## Records from a data source
——————

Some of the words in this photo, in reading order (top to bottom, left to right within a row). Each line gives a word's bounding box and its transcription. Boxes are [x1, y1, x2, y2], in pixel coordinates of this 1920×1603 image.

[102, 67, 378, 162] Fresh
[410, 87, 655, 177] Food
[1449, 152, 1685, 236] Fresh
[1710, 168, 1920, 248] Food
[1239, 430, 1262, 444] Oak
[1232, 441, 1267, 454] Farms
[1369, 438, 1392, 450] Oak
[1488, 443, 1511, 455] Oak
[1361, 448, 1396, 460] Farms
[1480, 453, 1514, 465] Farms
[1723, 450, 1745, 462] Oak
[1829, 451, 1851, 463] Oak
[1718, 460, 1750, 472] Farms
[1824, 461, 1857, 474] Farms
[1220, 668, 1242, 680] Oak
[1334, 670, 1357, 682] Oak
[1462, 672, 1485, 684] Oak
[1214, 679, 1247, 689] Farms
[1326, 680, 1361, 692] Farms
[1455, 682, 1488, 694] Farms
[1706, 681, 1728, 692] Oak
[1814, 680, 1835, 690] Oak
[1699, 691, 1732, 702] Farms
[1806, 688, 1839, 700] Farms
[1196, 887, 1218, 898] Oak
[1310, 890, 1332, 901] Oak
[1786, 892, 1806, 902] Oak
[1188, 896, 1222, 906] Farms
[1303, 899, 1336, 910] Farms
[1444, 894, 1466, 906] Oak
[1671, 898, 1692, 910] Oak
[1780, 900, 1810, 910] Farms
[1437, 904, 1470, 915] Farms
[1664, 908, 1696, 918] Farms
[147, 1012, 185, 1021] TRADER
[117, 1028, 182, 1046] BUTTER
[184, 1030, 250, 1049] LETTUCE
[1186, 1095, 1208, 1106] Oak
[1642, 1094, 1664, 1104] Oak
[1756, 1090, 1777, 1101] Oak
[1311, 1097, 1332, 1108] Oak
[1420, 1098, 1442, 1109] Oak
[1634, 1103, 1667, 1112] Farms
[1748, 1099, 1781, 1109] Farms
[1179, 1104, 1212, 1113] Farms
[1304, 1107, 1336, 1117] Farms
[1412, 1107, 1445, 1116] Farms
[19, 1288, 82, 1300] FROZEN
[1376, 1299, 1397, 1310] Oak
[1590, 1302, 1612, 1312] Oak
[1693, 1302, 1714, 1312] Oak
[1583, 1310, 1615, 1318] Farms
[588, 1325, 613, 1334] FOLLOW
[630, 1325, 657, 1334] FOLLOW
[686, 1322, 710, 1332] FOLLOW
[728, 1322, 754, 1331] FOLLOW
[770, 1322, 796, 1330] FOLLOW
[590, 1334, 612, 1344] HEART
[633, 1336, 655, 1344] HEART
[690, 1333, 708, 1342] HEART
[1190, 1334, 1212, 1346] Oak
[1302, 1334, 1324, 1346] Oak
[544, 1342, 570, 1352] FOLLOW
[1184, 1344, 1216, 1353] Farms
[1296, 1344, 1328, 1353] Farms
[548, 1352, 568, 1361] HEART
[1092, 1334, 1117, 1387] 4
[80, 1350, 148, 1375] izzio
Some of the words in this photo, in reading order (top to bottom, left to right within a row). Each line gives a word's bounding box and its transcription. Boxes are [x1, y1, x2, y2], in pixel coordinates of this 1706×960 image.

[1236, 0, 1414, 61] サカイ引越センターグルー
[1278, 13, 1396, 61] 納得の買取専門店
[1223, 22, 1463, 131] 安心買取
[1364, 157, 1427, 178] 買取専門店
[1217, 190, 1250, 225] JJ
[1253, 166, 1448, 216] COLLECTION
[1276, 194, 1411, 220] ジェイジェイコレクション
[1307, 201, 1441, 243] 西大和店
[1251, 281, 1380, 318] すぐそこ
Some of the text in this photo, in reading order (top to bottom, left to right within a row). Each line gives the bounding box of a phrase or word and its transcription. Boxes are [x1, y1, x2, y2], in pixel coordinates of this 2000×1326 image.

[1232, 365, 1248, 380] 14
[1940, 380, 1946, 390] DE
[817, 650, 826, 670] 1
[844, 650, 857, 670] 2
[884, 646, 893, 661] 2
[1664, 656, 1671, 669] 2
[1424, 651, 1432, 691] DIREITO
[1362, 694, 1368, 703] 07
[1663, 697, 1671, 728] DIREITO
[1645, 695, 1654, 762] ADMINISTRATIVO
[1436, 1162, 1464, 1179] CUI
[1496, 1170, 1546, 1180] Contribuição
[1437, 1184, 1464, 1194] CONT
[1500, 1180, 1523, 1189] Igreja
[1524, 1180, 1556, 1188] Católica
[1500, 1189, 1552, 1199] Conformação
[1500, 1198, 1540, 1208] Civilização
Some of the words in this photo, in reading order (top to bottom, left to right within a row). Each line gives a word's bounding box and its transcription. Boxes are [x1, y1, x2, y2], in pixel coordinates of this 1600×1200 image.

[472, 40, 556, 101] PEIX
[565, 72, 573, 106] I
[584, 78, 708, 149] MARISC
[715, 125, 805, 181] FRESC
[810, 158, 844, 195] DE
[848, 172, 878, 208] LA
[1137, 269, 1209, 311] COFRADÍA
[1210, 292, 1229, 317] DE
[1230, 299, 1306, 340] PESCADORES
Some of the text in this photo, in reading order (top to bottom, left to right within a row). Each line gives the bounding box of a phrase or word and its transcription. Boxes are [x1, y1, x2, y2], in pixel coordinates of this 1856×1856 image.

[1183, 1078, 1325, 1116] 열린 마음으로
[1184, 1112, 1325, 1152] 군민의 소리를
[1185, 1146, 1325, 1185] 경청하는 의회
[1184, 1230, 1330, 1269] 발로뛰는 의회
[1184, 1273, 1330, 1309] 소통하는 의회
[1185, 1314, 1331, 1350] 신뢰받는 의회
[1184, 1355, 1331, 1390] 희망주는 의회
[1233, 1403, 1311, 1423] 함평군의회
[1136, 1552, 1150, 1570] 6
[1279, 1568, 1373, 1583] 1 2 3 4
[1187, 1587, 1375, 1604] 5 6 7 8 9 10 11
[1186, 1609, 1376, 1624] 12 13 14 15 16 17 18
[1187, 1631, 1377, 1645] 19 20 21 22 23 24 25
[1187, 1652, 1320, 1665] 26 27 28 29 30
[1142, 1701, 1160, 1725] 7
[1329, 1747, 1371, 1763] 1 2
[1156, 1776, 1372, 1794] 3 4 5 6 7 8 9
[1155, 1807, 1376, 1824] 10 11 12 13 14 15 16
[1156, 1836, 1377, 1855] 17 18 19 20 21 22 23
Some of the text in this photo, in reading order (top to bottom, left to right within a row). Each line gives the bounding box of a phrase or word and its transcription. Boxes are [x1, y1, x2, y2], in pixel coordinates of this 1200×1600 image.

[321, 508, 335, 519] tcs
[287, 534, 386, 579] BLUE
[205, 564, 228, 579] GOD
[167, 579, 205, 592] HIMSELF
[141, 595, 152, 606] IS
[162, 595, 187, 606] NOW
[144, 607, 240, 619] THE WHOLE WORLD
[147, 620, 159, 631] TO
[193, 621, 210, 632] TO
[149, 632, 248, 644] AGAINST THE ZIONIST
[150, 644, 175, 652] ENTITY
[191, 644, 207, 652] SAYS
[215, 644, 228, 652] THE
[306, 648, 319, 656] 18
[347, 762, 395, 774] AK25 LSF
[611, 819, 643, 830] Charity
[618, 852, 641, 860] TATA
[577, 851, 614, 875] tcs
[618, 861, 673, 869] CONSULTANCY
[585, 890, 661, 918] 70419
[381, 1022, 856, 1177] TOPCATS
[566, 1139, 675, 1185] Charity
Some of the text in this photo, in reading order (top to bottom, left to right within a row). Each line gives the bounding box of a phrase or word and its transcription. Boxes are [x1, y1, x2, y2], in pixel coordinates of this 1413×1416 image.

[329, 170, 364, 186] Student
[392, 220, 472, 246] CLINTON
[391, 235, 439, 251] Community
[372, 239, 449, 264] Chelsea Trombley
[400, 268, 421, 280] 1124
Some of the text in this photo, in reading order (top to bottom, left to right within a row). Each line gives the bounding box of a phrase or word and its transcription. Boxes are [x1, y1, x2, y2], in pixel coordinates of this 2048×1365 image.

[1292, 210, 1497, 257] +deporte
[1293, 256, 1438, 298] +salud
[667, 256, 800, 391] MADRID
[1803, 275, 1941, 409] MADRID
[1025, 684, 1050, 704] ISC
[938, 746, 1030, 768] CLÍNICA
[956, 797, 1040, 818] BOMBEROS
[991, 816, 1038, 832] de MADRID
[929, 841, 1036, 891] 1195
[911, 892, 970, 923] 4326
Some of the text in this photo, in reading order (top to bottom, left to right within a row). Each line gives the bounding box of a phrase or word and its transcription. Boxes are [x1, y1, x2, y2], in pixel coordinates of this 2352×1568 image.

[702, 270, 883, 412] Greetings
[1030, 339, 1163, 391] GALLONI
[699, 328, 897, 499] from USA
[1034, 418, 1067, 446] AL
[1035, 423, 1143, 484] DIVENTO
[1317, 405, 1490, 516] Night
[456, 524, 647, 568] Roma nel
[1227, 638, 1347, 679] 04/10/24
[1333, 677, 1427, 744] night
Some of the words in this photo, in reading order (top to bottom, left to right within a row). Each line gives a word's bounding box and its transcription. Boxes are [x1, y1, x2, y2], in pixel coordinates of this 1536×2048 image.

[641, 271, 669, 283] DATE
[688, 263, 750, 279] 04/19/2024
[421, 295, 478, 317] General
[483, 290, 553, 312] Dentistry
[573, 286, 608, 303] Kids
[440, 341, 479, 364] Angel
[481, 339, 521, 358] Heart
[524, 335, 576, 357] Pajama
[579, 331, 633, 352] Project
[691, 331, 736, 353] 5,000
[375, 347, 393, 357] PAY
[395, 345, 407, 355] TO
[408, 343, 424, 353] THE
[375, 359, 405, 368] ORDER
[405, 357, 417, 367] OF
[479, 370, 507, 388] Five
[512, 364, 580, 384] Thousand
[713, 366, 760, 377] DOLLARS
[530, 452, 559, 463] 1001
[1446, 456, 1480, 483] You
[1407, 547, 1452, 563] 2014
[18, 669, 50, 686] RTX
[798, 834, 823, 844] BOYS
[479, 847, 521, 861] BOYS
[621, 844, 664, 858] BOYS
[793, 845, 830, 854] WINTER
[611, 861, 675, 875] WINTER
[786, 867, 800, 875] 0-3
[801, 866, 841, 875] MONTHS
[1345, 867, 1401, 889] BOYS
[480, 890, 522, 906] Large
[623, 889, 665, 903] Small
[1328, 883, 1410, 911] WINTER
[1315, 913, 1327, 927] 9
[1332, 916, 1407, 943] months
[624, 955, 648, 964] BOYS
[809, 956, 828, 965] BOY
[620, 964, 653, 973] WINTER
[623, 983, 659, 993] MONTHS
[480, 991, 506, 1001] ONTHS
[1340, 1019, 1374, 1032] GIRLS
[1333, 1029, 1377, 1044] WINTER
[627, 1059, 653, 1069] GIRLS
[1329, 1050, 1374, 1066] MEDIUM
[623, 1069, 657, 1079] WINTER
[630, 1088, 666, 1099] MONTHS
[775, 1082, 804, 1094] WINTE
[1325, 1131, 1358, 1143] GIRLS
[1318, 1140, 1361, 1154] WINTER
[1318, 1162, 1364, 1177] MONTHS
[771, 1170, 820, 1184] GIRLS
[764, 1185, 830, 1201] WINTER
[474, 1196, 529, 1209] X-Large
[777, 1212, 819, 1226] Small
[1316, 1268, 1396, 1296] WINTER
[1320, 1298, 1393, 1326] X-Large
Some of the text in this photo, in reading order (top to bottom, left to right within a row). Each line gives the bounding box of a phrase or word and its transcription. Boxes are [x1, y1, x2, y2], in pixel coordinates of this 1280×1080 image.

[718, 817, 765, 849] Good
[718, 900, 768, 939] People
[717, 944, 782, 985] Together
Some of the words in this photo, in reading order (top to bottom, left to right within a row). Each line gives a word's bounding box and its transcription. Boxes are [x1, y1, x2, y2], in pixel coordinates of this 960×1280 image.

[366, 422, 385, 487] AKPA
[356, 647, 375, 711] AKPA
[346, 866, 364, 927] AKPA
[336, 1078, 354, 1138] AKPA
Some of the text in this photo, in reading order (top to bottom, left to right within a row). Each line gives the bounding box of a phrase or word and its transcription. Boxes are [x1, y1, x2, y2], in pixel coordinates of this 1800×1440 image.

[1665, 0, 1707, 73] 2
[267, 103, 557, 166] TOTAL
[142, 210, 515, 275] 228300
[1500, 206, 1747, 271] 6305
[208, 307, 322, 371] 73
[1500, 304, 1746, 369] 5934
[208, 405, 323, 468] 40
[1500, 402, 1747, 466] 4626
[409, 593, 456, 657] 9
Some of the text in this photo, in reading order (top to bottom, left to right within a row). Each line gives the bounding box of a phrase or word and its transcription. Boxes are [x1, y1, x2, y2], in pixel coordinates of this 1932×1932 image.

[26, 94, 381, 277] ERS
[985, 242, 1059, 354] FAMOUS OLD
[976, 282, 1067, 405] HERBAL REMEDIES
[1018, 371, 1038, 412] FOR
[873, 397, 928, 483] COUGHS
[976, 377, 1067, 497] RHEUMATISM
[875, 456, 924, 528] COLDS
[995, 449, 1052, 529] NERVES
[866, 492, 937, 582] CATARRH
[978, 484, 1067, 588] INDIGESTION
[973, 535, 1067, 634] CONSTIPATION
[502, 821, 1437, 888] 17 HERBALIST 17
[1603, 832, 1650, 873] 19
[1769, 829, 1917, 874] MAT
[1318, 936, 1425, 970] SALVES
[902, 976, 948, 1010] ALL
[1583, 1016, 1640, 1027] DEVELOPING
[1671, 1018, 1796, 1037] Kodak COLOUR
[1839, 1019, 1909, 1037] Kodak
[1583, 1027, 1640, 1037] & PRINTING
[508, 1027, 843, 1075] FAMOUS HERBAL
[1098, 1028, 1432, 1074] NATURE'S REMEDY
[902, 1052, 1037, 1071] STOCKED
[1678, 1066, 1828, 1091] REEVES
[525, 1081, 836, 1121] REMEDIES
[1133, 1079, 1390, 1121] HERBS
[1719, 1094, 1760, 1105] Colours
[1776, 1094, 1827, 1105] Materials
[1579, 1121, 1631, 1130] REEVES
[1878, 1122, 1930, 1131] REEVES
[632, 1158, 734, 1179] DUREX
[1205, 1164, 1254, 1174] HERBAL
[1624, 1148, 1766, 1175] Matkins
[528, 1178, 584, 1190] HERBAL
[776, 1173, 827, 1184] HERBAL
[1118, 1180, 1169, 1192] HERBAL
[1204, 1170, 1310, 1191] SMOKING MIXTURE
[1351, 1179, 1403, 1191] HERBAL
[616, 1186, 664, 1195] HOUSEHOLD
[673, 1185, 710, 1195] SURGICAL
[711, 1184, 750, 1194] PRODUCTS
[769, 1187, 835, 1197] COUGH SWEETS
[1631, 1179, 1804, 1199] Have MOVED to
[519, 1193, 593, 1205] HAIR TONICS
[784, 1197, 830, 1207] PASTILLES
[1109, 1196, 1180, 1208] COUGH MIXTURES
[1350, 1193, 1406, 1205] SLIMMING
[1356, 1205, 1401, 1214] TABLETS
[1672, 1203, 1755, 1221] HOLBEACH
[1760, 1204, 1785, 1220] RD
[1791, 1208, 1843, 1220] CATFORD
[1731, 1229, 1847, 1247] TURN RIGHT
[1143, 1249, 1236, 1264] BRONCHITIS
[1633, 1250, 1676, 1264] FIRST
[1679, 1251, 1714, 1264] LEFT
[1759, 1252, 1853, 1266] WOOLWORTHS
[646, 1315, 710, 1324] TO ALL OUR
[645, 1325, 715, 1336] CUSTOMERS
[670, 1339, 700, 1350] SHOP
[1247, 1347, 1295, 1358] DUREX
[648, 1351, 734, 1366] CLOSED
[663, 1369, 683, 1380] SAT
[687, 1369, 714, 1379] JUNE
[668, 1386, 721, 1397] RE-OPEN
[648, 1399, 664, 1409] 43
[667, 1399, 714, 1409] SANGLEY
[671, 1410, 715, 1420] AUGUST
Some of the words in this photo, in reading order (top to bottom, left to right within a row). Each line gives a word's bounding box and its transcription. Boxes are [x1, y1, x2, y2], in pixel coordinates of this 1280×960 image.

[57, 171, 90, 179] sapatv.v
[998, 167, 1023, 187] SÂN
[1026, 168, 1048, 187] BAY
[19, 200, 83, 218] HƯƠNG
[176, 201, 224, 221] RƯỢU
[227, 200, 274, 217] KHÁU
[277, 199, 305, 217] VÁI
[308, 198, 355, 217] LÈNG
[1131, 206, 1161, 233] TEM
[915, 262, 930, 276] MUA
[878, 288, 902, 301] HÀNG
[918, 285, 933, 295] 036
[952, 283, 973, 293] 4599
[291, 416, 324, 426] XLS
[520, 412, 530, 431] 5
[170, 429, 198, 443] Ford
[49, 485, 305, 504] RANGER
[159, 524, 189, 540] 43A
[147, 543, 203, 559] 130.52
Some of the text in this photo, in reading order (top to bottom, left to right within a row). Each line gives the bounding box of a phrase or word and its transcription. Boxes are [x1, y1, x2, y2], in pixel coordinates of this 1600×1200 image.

——————

## EXERCISE INSTRUCTIONS
Please copy the line that holds "this 1280×960 image." and each line under it through the last line above, exactly as they stand, adding nothing.

## REPLY
Some of the words in this photo, in reading order (top to bottom, left to right within a row). Each line gives a word's bounding box and its transcription. Boxes are [x1, y1, x2, y2], in pixel coordinates of this 1280×960 image.

[57, 171, 90, 179] sapatv.v
[998, 167, 1023, 187] SÂN
[1026, 168, 1048, 187] BAY
[19, 200, 83, 218] HƯƠNG
[176, 201, 224, 221] RƯỢU
[227, 200, 274, 217] KHÁU
[277, 199, 305, 217] VÁI
[308, 198, 355, 217] LÈNG
[1131, 206, 1161, 233] TEM
[915, 262, 930, 276] MUA
[878, 288, 902, 301] HÀNG
[918, 285, 933, 295] 036
[952, 283, 973, 293] 4599
[291, 416, 324, 426] XLS
[520, 412, 530, 431] 5
[170, 429, 198, 443] Ford
[49, 485, 305, 504] RANGER
[159, 524, 189, 540] 43A
[147, 543, 203, 559] 130.52
Some of the text in this photo, in reading order (top to bottom, left to right within a row). Each line gives the bounding box of a phrase or word and its transcription. Boxes are [x1, y1, x2, y2], in pixel coordinates of this 1600×1200 image.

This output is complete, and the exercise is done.